Analog inputs are sensitive. Here’s where field techs get burned.

  1. Loop power wiring.
    The CC-PLAIH51 can supply 24 V loop power for two‑wire transmitters. If you enable loop power and also have an external 24 V supply, you’ll double‑feed the loop. The transmitter will see 48 V. I’ve seen a plant fry three transmitters before someone figured out the loop power was enabled. Check the config before you wire.
  2. ❌ Ground loops.
    The inputs are isolated from each other. That means you can have different ground references for each channel. But if you tie the returns together at the field devices, you lose the isolation. I’ve seen a plant with phantom readings on channel 3 because someone tied the returns from channel 2 and channel 3 together. The fix was separating the returns. The module was fine.
  3. Open circuit detection.
    The module flags an open circuit when the current drops below 2 mA. That’s useful. But if you’re using a transmitter that drops to 0 mA on fault, the alarm works. If your transmitter goes to 3.6 mA on fault, the module won’t see it. I’ve seen a plant miss a transmitter failure because the alarm threshold was set wrong.

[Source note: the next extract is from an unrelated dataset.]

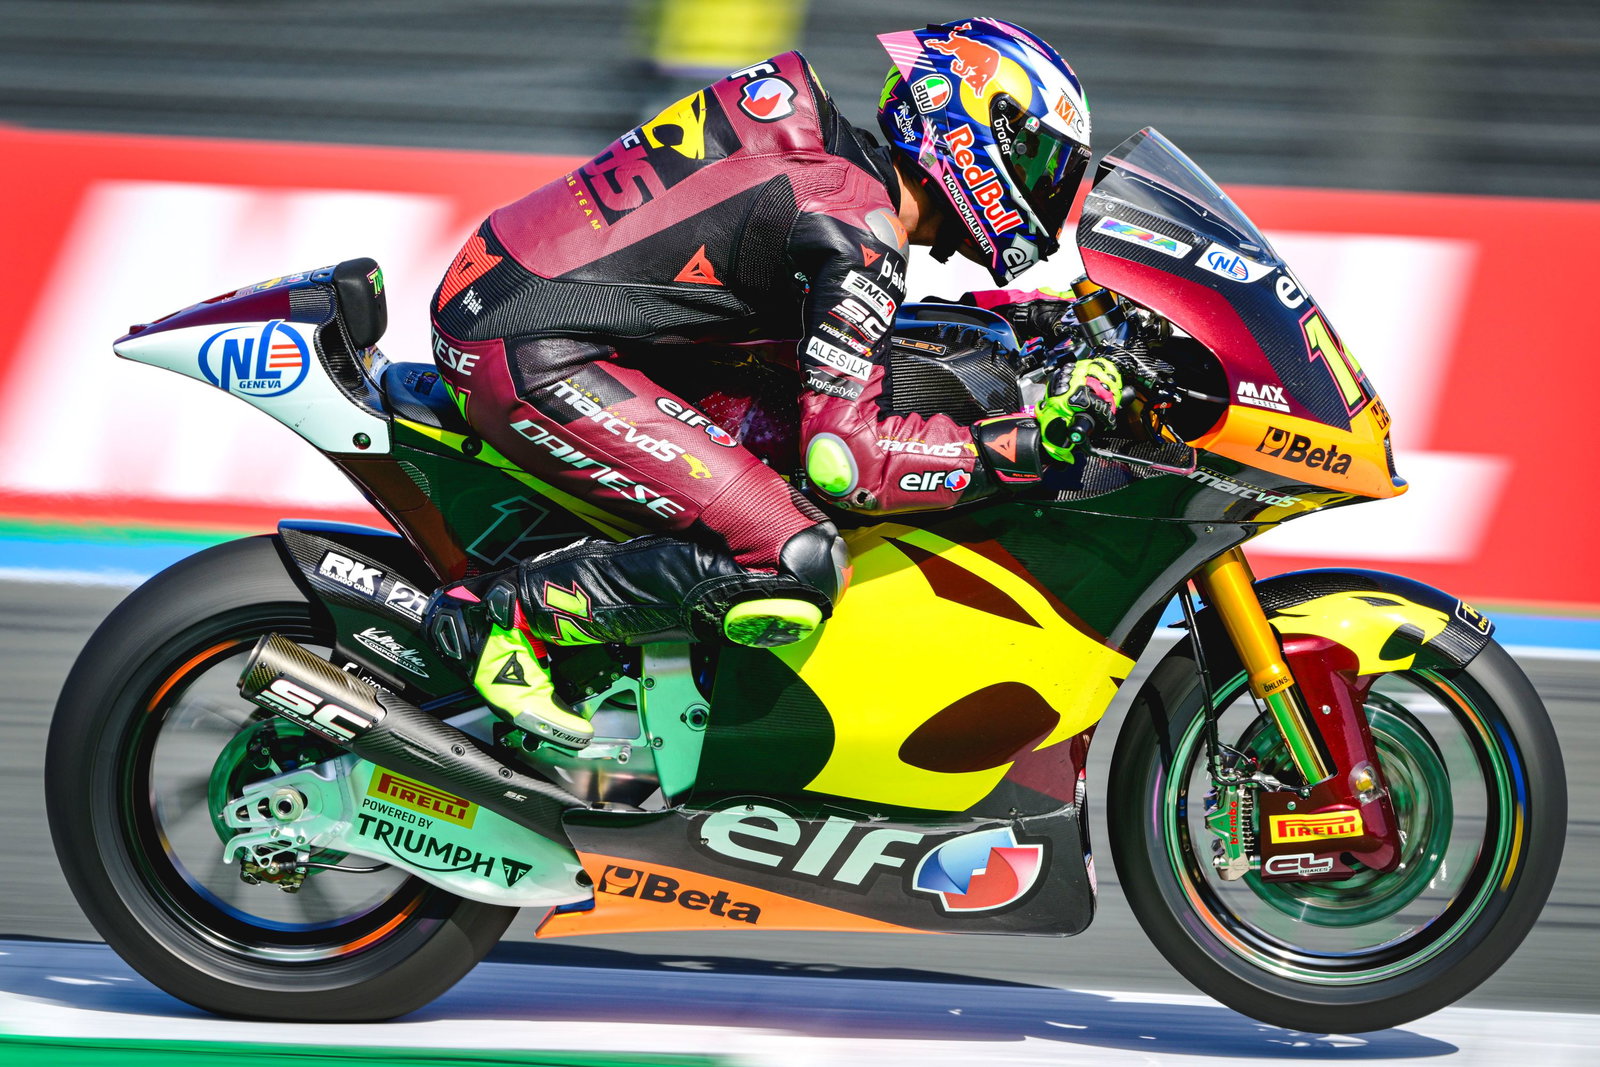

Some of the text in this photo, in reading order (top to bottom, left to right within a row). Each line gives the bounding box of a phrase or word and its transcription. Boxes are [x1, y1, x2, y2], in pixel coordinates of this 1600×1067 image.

Check your transmitter’s fault behavior.
  4. Terminal block seating.
    The terminal block is removable. I’ve seen a tech install a new module, forget to seat the terminal block fully, and spend an hour chasing “dead channels.” The module was fine. The block was loose. Push until it clicks.
  5. Power supply noise.
    The 24 V field supply powers the transmitters. If that supply is noisy, the analog readings will be noisy. I’ve seen a plant with jumpy readings that traced back to a failing 24 V supply. The module was fine. The power supply was the problem.

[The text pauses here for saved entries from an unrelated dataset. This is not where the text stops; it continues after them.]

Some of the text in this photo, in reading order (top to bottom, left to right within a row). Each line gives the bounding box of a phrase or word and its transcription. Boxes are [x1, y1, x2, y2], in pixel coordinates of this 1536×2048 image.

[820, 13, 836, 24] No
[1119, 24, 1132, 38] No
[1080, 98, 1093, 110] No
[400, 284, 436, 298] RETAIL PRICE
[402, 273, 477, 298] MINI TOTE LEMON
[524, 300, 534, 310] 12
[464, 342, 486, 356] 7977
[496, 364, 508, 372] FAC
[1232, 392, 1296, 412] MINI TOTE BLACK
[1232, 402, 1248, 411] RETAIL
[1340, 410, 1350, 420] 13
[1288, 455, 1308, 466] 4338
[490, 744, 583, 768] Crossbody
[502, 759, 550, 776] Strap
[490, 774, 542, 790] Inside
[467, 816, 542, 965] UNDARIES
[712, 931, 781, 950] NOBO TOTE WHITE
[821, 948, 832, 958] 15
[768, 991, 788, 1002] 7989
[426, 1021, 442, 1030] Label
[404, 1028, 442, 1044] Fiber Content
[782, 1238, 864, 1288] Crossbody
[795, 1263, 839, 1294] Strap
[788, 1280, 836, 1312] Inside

Get these five right and you’ll cut rework time by 90%.

 

New Original vs. Refurbished: Why It Matters

“New Original (New Surplus)” means this HONEYWELL CC-PLAIH51 was built by Honeywell, never installed, and never repaired. The input circuits are fresh. The internal A/D converter hasn’t drifted. The terminal block pins are straight.

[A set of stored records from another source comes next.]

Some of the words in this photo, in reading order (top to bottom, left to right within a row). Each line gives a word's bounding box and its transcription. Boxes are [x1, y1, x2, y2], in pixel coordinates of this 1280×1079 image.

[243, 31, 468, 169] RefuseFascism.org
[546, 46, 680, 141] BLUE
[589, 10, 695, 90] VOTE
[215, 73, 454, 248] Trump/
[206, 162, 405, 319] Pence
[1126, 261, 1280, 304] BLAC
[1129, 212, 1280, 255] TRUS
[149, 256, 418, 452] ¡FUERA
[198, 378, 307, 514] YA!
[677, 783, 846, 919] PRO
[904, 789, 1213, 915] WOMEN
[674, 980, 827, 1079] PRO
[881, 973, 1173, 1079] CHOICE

Refurbished analog input modules are risky. The input conditioning circuits are sensitive. A refurb module might have been in a plant where it got hit by lightning—it still works, but the linearity is off. I’ve seen a refurb module that passed a 4 mA and 20 mA test but was 0.2 mA off at 12 mA. The loop was unstable. The plant chased it for a week.

What we provide:

  • Traceable serial number (matches Honeywell production records)
  • 8‑channel linearity test (4, 8, 12, 16, 20 mA)
  • 1‑hour soak test at 20 mA
  • Loop power verification
  • Open circuit detection test
  • Original anti‑static bag (if available) or fresh bag with QC seal
  • 12‑month warranty

Pricing context:
Our price sits above the cheapest used listings. It’s also below what a new module would cost if Honeywell still made them. You’re paying for the test, the warranty, and the certainty that the analog reading isn’t going to drift.

 

Performance Benchmarks & Test Results

All tests performed on C Series test rack, 25 °C ambient.

Test Condition Result
Accuracy 4 mA 4.00 ±0.01 mA
Accuracy 12 mA 12.00 ±0.01 mA
Accuracy 20 mA 20.00 ±0.01 mA
Linearity 4–20 mA sweep ±0.02% of span
Channel isolation 20 mA on ch1, measure ch2 <0.001 mA
Loop power Open circuit 24.1 V
Update rate All 8 channels 165 ms
Soak drift 1 hour at 20 mA 0.002 mA
Power consumption 24 V field supply 150 mA typical

Thermal performance note:
At 60 °C ambient, the accuracy drifts to about ±0.1%. Still within spec. The biggest issue at high temp is the A/D reference—it can drift. Let the module warm up for 30 minutes before you trust critical readings.

One more thing from the field:
The CC-PLAIH51 has a small test point on the front edge—TP1. It’s the 5 V reference for the A/D converter. If you’re seeing drift across all channels, probe TP1. Should be 5.0 ±0.05 V. If it’s off, the whole module is drifting. Swap it. I’ve seen a plant chase a process issue for weeks before someone checked the reference. The module was soft. The process was fine.